De esa responsabilidad tampoco deben estar exentas las autoridades de la comuna de Santa Catarina Pinula, que fueron advertidas del enorme riesgo que corrían centenares de personas que habitaban esa trampa mortal. Son las corporaciones municipales las que se encargan de autorizar la habitabilidad de un espacio, concediendo las respectivas licencias para construir, y más cuando se sabe que fue el exalcalde Antonio Coro quien facilitó la legalización de esos terrenos, aunque cabe señalar que no es el único edil que piensa más en la popularidad que en una labor ética.

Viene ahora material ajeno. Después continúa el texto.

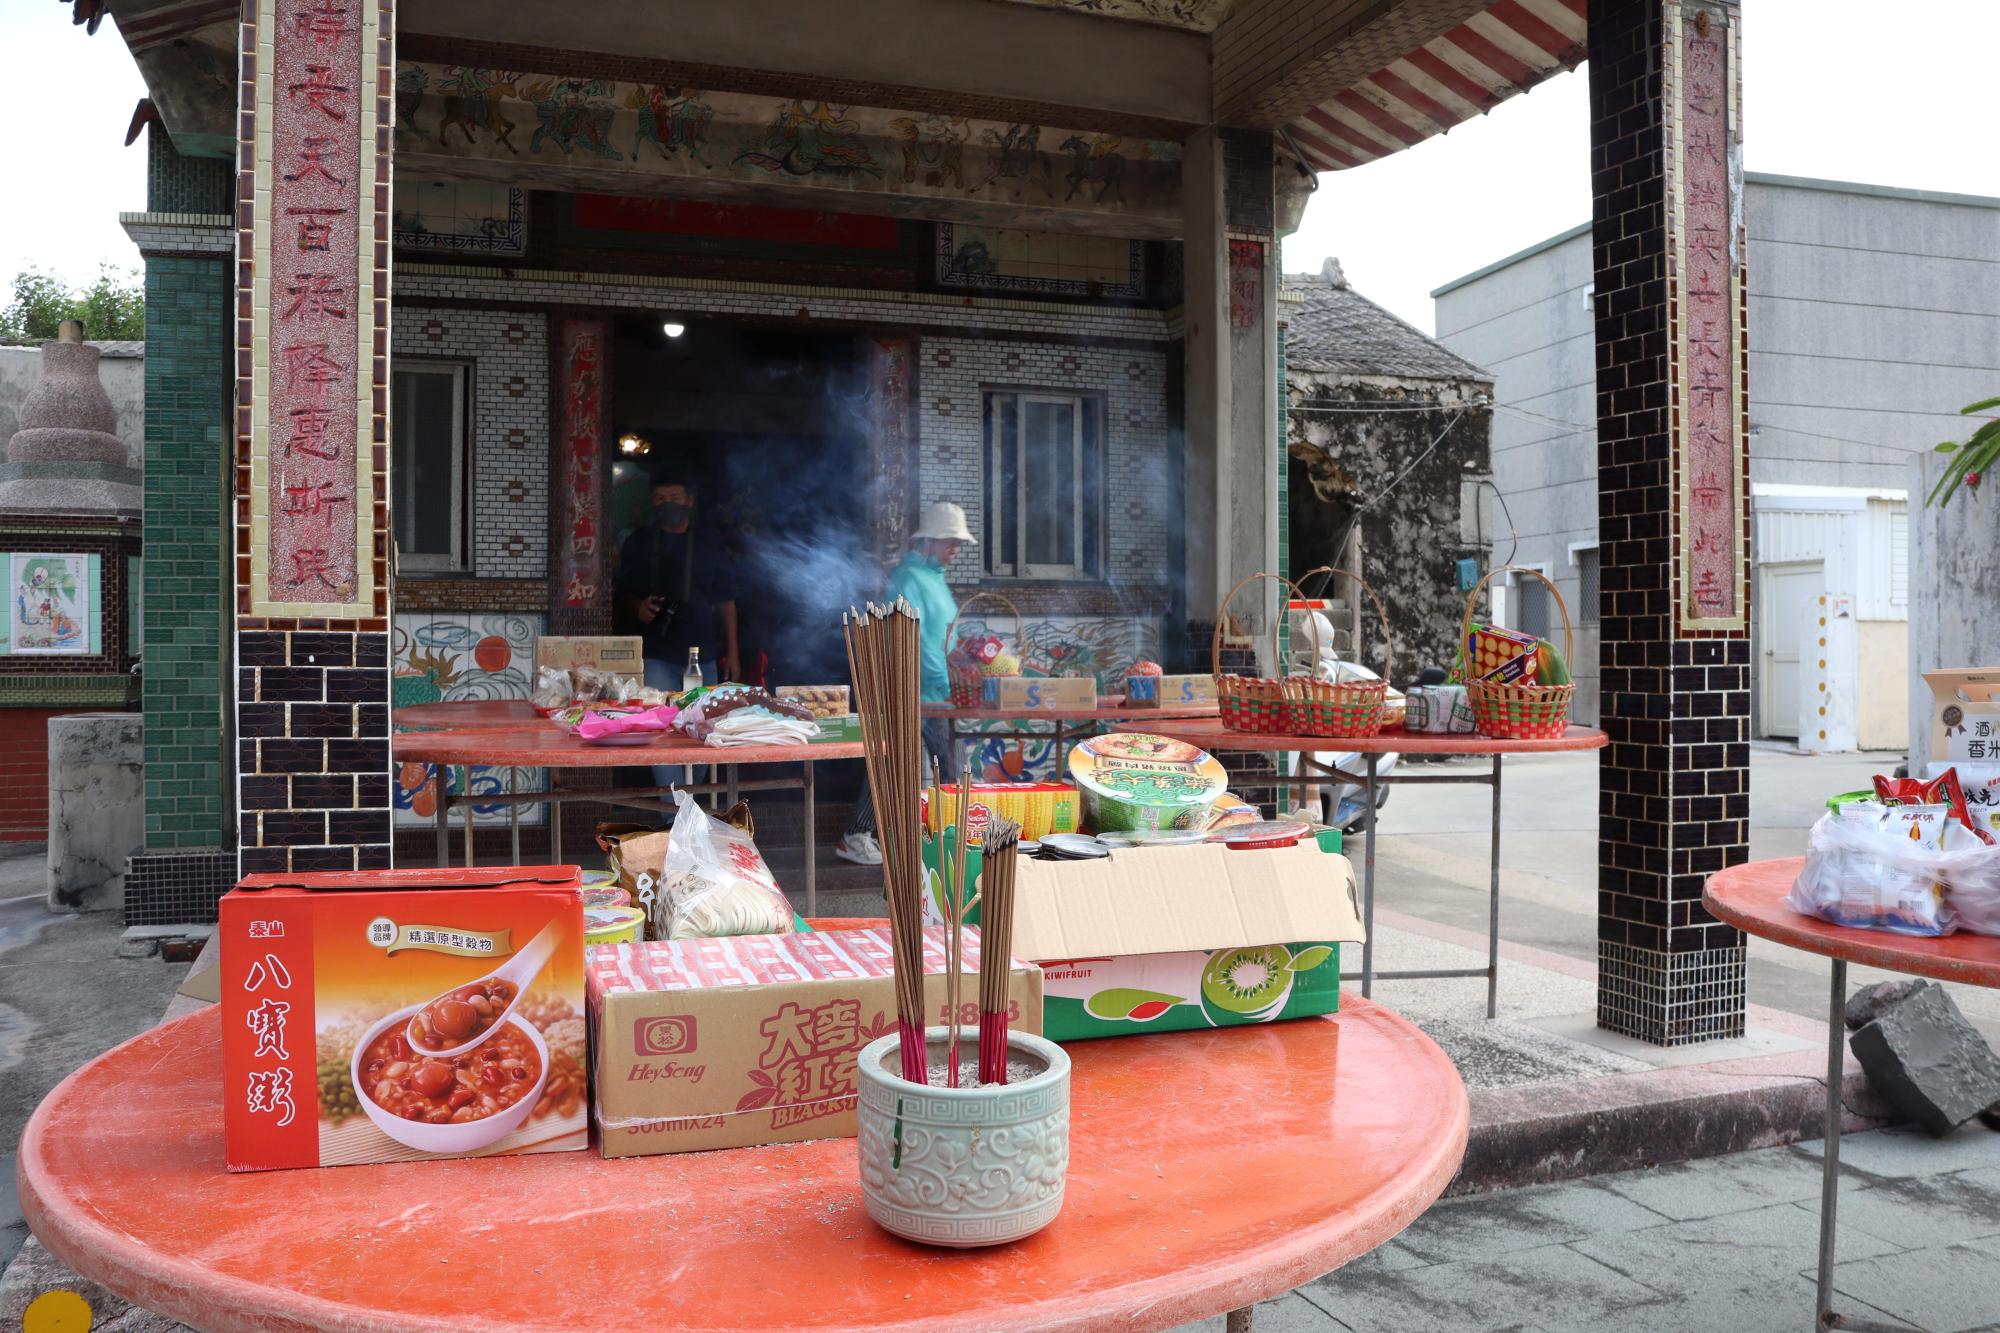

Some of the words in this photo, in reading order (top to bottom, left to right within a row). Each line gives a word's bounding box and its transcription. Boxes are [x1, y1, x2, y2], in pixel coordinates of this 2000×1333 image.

Esta es la primera tragedia de colosal magnitud que ocurre en un área aledaña a la metrópoli, y cuando se escucha la espeluznante cifra de 600 desaparecidos, es lógico que rápidamente se pase de la pesadumbre al horror y a la indignación, porque se vislumbra como uno de los mayores desastres que ha vivido el país y, peor aún, cuando queda claro que pudo evitarse si existiera más responsabilidad en el servicio público y un mayor respeto hacia las normativas sobre construcción.

Tema aparte merecen las decenas de rescatistas, policías, soldados y voluntarios que, sin descanso, se dedicaron a buscar sobrevivientes. Con palas, piochas, cubetas e incluso con las manos se entregaron por completo a brindar un poco de esperanza a los familiares de las víctimas, aun arriesgando su propia vida, por la inestabilidad del terreno.

La tarea por venir es ardua y el dolor no será poco, pero, eso sí, el espíritu heroico del guatemalteco se sigue manifestando a través de varias iniciativas para recaudar víveres, frazadas, medicinas y todo tipo de ayuda para los sobrevivientes.